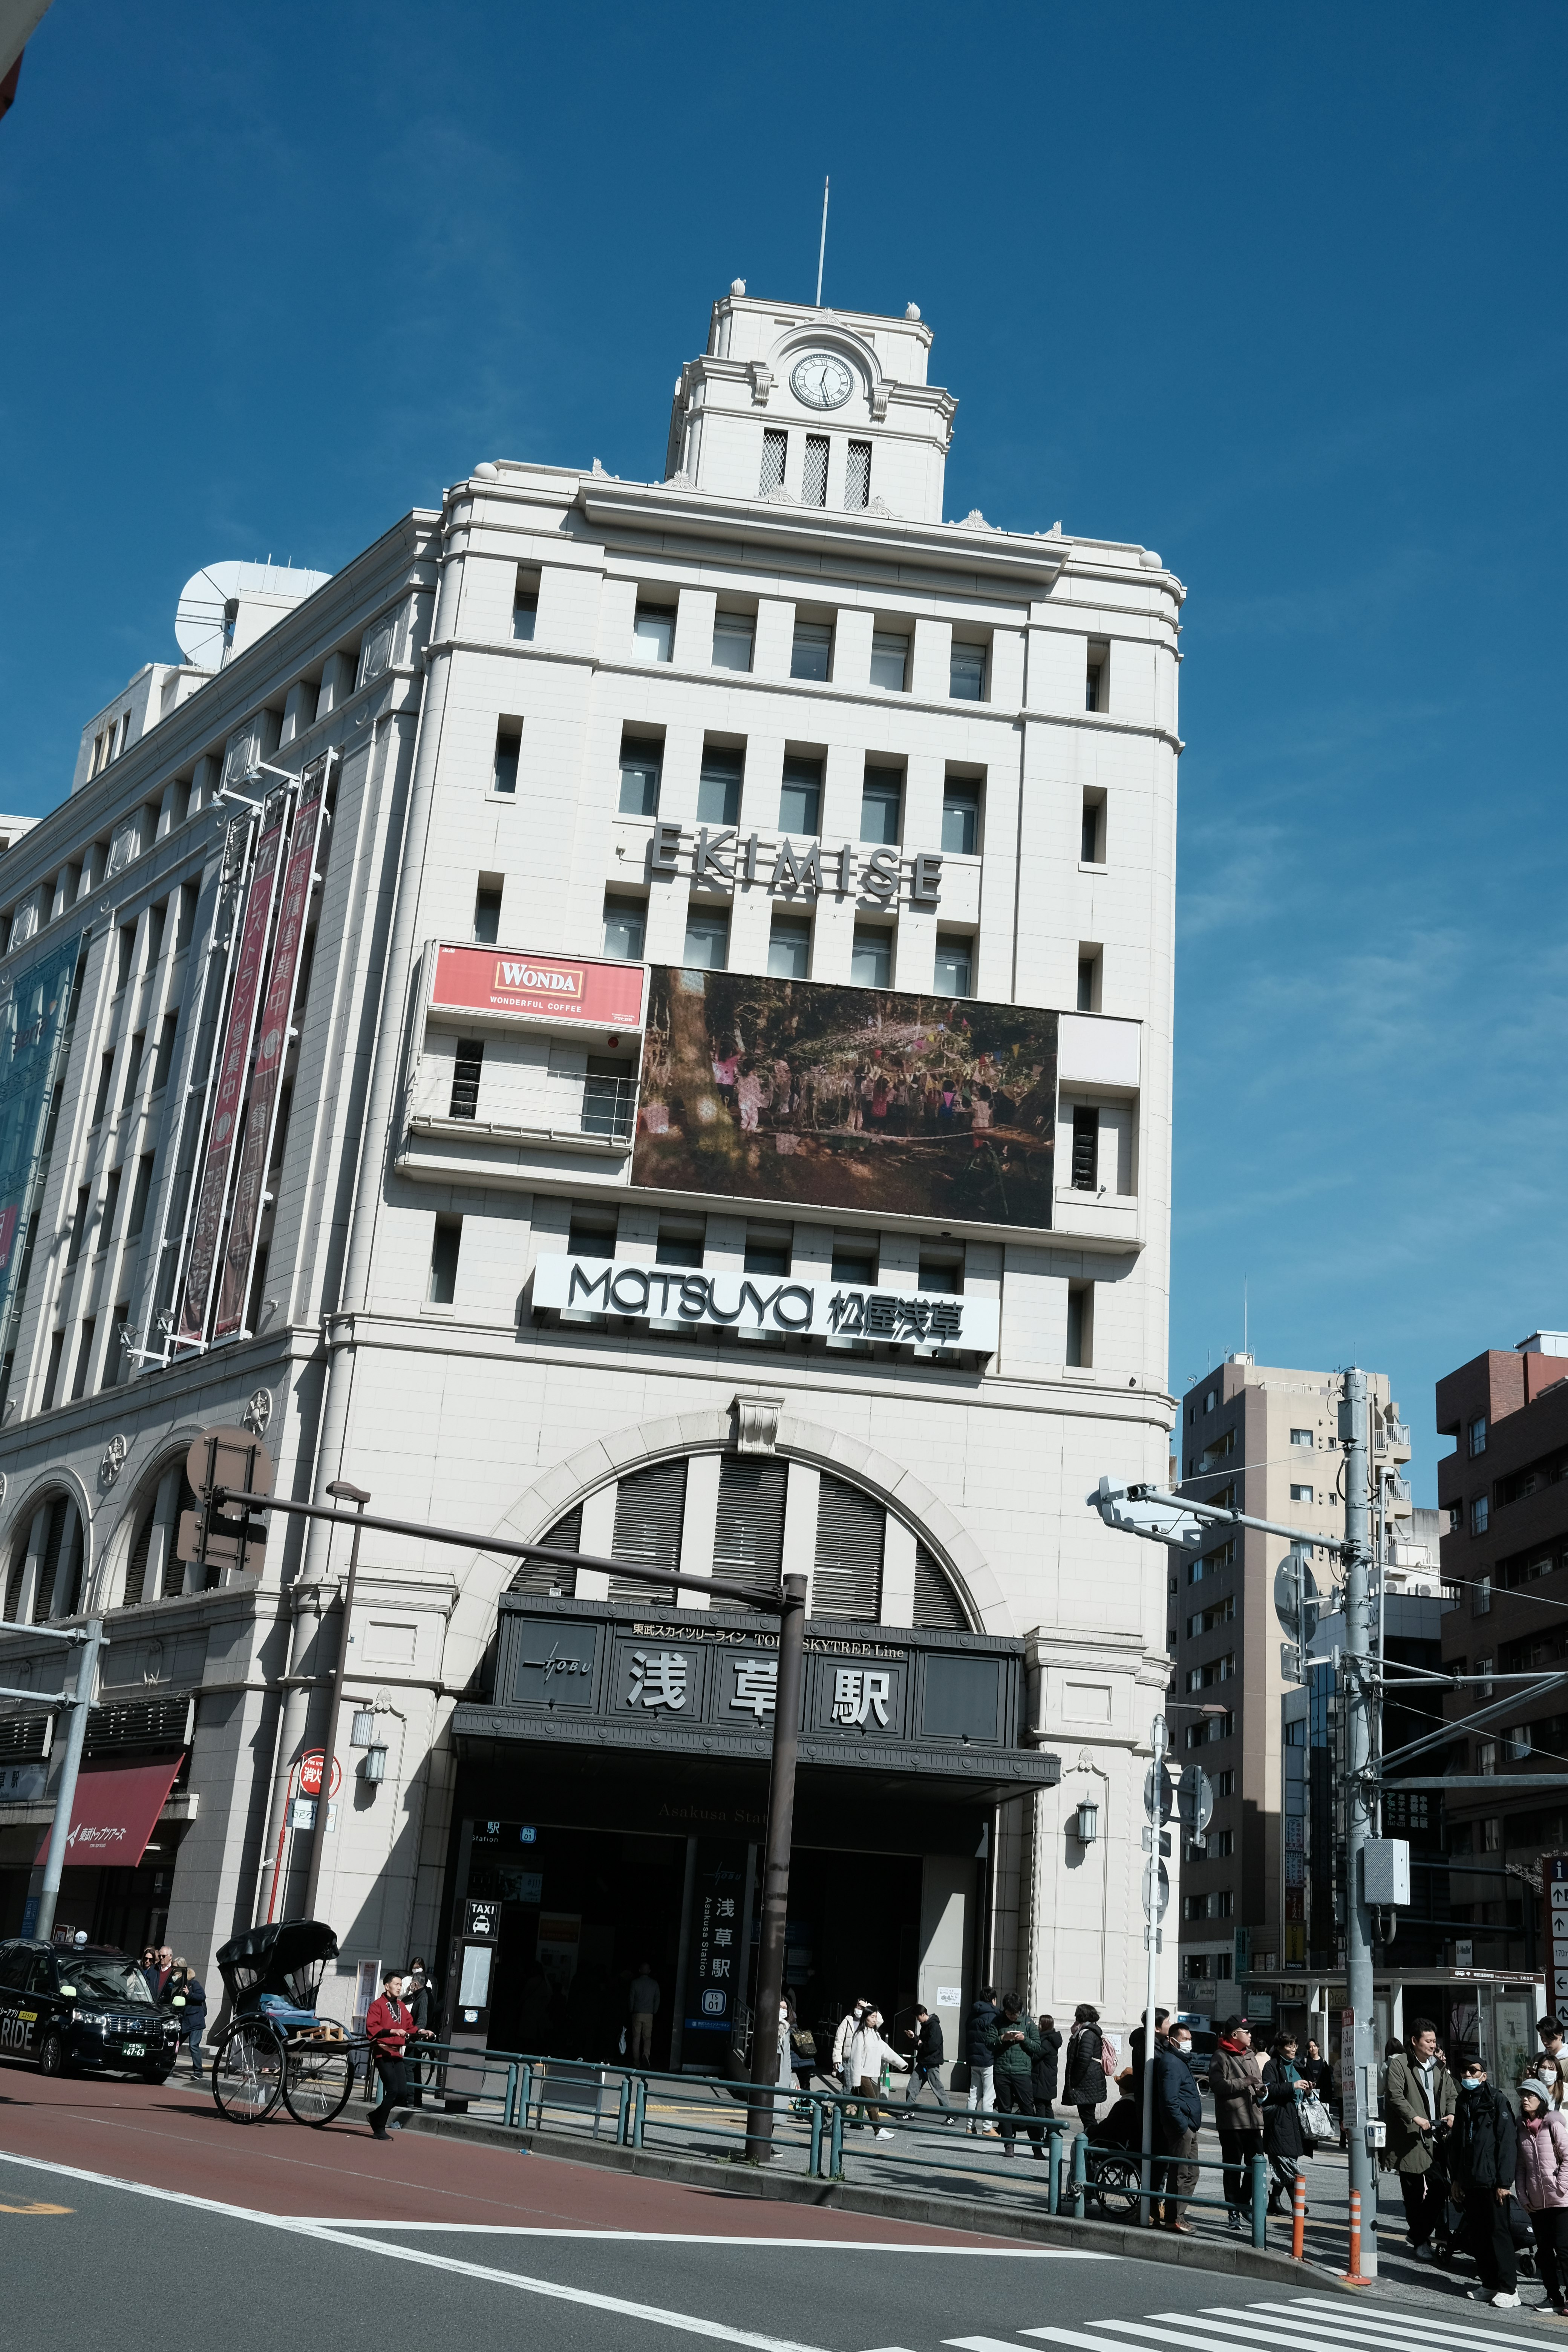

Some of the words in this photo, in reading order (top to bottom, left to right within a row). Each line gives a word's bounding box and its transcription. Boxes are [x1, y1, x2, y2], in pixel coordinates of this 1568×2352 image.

[297, 821, 313, 847] 7F
[259, 845, 274, 874] 7F
[652, 822, 943, 903] EKIMISE
[501, 962, 576, 992] WONDA
[222, 887, 266, 1104] レストラン営業中
[490, 996, 544, 1009] WONDERFUL
[548, 1003, 582, 1013] COFFEE
[197, 1170, 214, 1237] FLOOR
[188, 1248, 201, 1305] OPEN
[828, 1289, 965, 1340] 松屋浅草
[632, 1623, 746, 1643] 東武スカイツリーライン
[755, 1634, 780, 1647] TO
[802, 1638, 871, 1655] SKYTREE
[874, 1644, 904, 1658] Line
[545, 1660, 592, 1673] TOBU
[626, 1650, 890, 1727] 浅草駅
[303, 1766, 324, 1784] 消火
[487, 1822, 500, 1834] 駅
[658, 1803, 727, 1821] Asakusa
[735, 1810, 768, 1824] Stat
[78, 1827, 127, 1841] 東武トップツアーズ
[472, 1904, 495, 1914] TAXI
[702, 1897, 712, 1938] Asakusa
[711, 1898, 734, 1978] 浅草駅
[700, 1941, 709, 1977] Station
[708, 2001, 718, 2010] 01
[1, 2018, 35, 2051] RIDE

^^^^

Exercise description >>
Carry over each record above character for character, with the pictures left out.

Completed task >>
Some of the words in this photo, in reading order (top to bottom, left to right within a row). Each line gives a word's bounding box and its transcription. Boxes are [x1, y1, x2, y2], in pixel coordinates of this 1568×2352 image.

[297, 821, 313, 847] 7F
[259, 845, 274, 874] 7F
[652, 822, 943, 903] EKIMISE
[501, 962, 576, 992] WONDA
[222, 887, 266, 1104] レストラン営業中
[490, 996, 544, 1009] WONDERFUL
[548, 1003, 582, 1013] COFFEE
[197, 1170, 214, 1237] FLOOR
[188, 1248, 201, 1305] OPEN
[828, 1289, 965, 1340] 松屋浅草
[632, 1623, 746, 1643] 東武スカイツリーライン
[755, 1634, 780, 1647] TO
[802, 1638, 871, 1655] SKYTREE
[874, 1644, 904, 1658] Line
[545, 1660, 592, 1673] TOBU
[626, 1650, 890, 1727] 浅草駅
[303, 1766, 324, 1784] 消火
[487, 1822, 500, 1834] 駅
[658, 1803, 727, 1821] Asakusa
[735, 1810, 768, 1824] Stat
[78, 1827, 127, 1841] 東武トップツアーズ
[472, 1904, 495, 1914] TAXI
[702, 1897, 712, 1938] Asakusa
[711, 1898, 734, 1978] 浅草駅
[700, 1941, 709, 1977] Station
[708, 2001, 718, 2010] 01
[1, 2018, 35, 2051] RIDE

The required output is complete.